According to the leader of the Union for a Better Future (SBB) political party, Grabar-Kitarovic’s statement was “completely unnecessary and untrue and made to turn our country into a new political target.”
The main Bosniak party, the Party for Democratic Action (SDA), said that it is “paradoxical that the President of Croatia gives such statements with fascist elements in Israel, while she is tolerating in Croatia the growth of militant Ustasha and neo-Nazi movements which celebrate NDH (The Independent State of Croatia, a World War II fascist puppet state) and war criminals who participated in the execution of the Holocaust.”
The Social Democratic Party (SDP) called Grabar-Kitarovic’s statements “unacceptable” and “rude,” criticising the Croat Democratic Union (HDZ) she is a member of. The HDZ also has a sister party in Bosnia under the same name.
“The only political factor in inter-state relations which has a militant background between Bosnia and Herzegovina and Croatia is the HDZ, the party Grabar-Kitarovic comes from,” the SDP said, adding that courts proved that her party contributed in a “joint criminal enterprise” on the territory of Bosnia and Herzegovina.
The SDP was referring to a ruling by the International Criminal Tribunal for the Former Yugoslavia (ICTY) against six wartime leaders of Herzeg-Bosnia (HB) – a self-declared unrecognised Bosnian Croat statelet – who were at the helm of a massive ethnic cleansing operation in parts of Bosnia with the goal of annexing HB to Croatia.
The operation, which targeted mostly Bosniaks, including prison camps, mass killings, rapes and other grave crimes.
Instead of apologising to the victims and compensating the damage, Grabar-Kitarovic and her colleagues glorify war criminals and visit them in prison while trying to justify this with threats of militant Islam, the SDP said.

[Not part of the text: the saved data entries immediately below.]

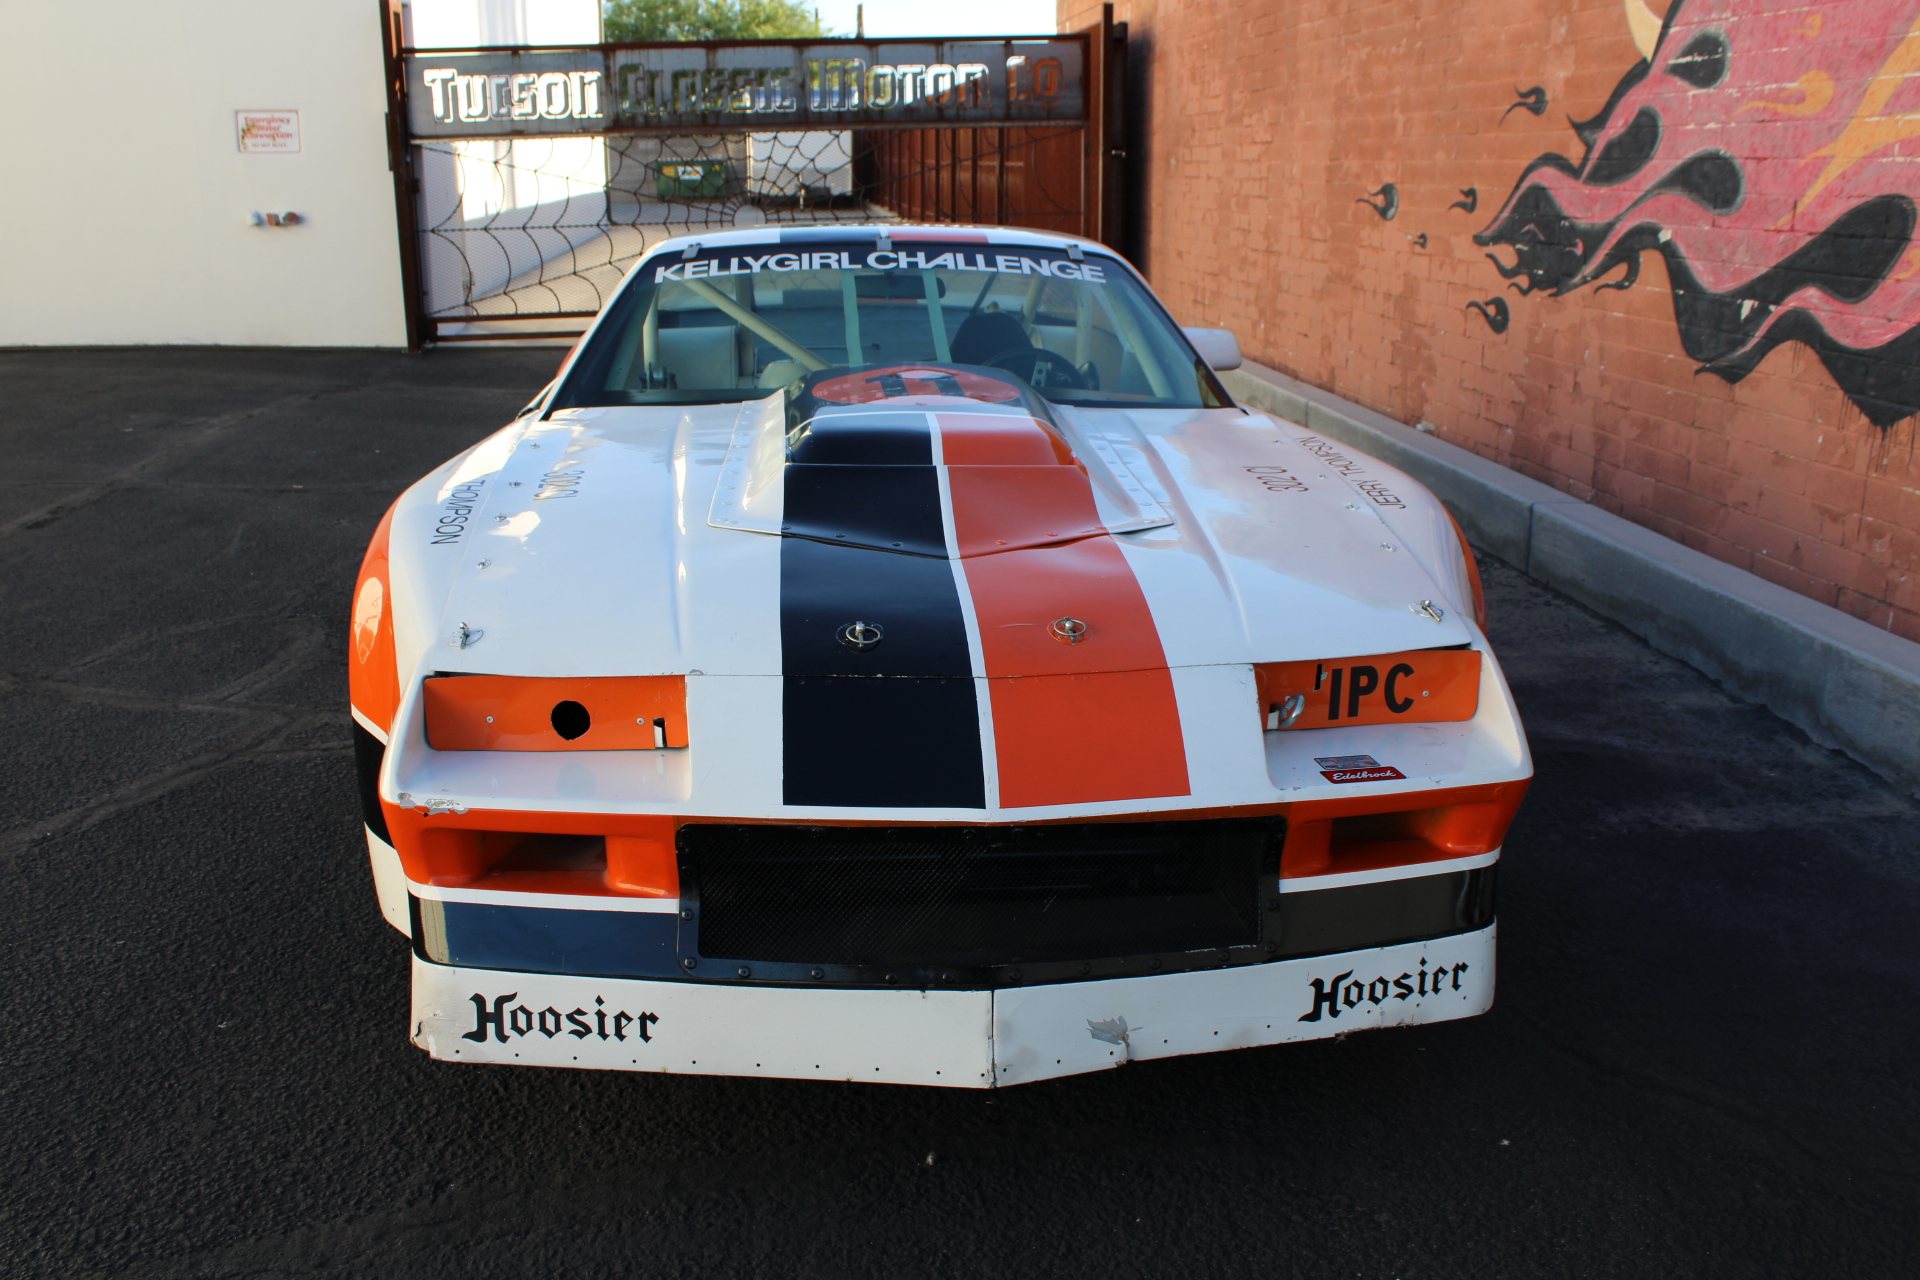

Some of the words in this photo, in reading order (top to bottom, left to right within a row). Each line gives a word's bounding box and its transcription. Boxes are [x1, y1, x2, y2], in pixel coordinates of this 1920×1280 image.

[653, 251, 862, 285] KELLYGIRL
[866, 250, 1108, 285] CHALLENGE
[1295, 436, 1366, 477] THOMPSON
[430, 478, 486, 545] THOMPSON
[1351, 479, 1407, 510] JERRY
[1332, 770, 1397, 781] Edelbrock
[1297, 956, 1469, 1022] Hoosier
[461, 991, 660, 1044] Hoosier
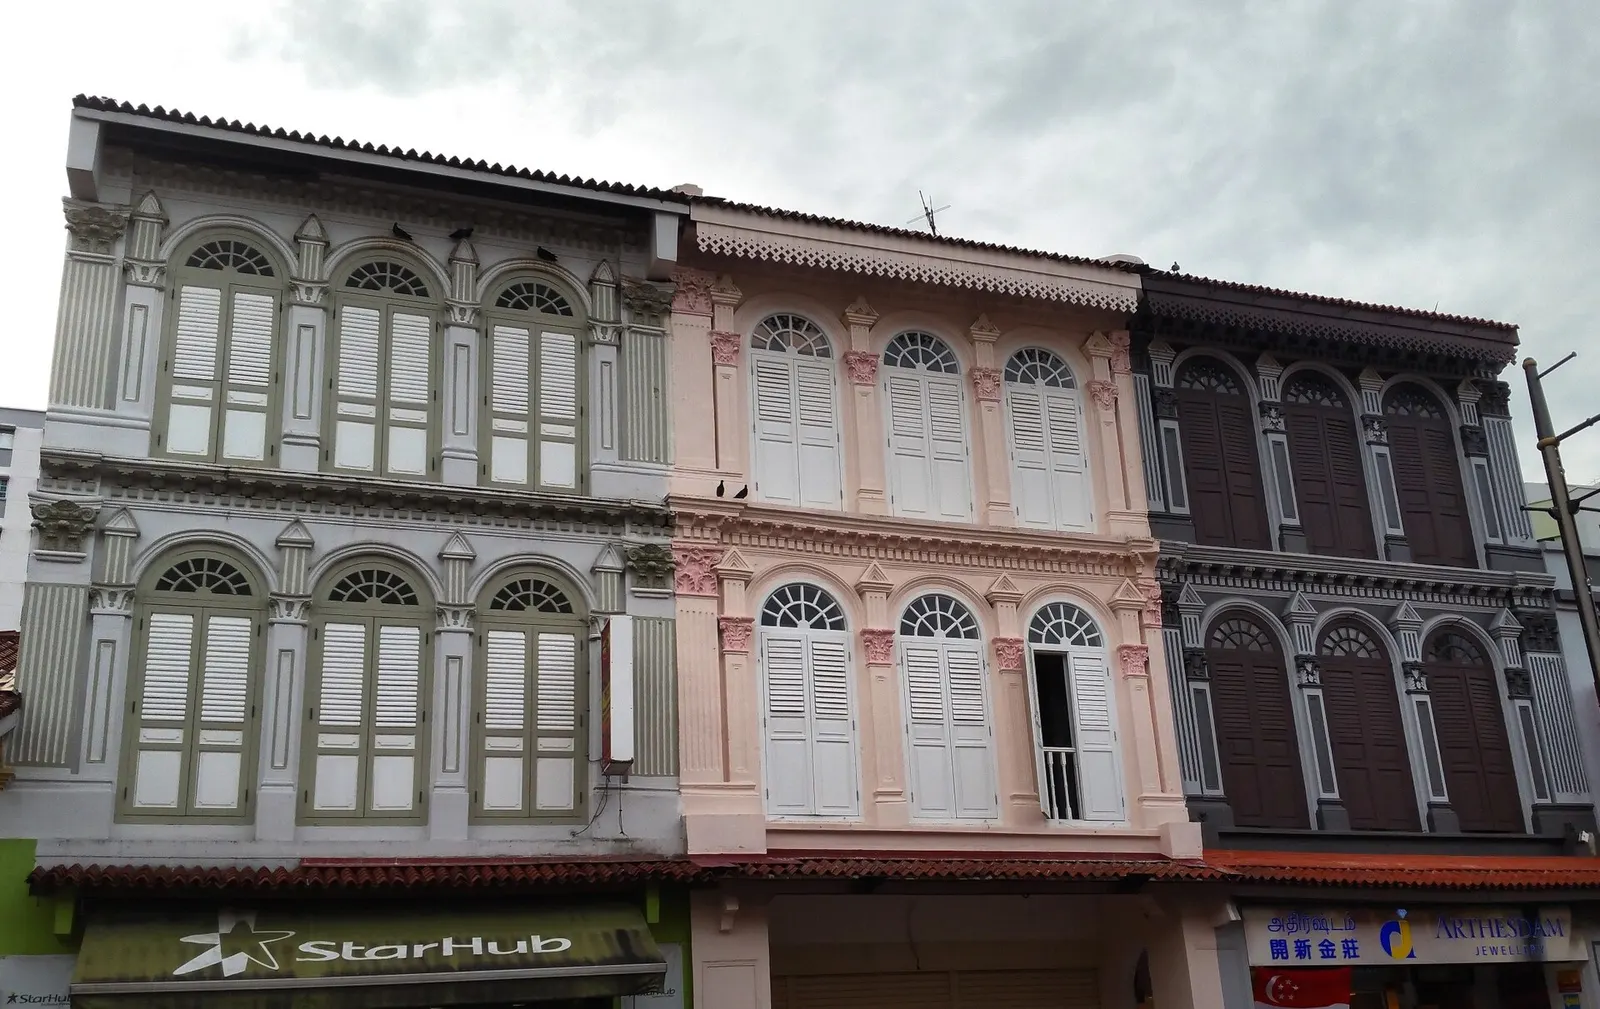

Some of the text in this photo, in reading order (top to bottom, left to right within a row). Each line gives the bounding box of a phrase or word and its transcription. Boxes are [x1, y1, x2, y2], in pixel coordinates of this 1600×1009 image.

The vice-speaker of the Parliament of neighbouring Croatia, Milijan Brkic, recently visited one of the six, Bruno Stojic, in a prison in Gratz, Austria.
“What is especially offensive is that Grabar-Kitarovic is sending these messages from Israel, considering that a genocide in Europe throughout the past century only took place against two peoples, the Jews and the Bosnian Muslims,” it said.
The SDP called upon institutions in the EU and the international community to condemn the statements by the Croatian President “who finally needs to face political consequences for her militant and malicious actions and stances toward Bosnia and Herzegovina.”
The party also said that such a move by Grabar-Kitarovic could also be a part of an attempt to justify setting up a dump for its nuclear waste in Trgovska Gora at the border with Bosnia.
Since Croatia owns half of the Krsko power plant in Slovenia, the country needs to take over half of the nuclear waste from that power plant by 2023. Croatia adopted a strategy which names the unused Cerkezovac barracks, in Trgovska Gora, as one od seven most likely locations for dumping the waste.
But Trgovska Gora is only 800 metres away from the border with Bosnia and about a kilometre away from the town of Bosanski Novi. According to Bosnia’s officials and institutions, the plan endangers the lives of some 300,000 Bosnians and Croatia is not responding to any of Bosnia’s complaints.
Croatia is expected to make its final decision regarding the dump in September.
“At this moment, the only thing more toxic for Bosnia and Herzegovina than that dump are the statements and actions of the HDZ and the leadership of Croatia, spearheaded by Kolinda Grabar-Kitarovic,” it said.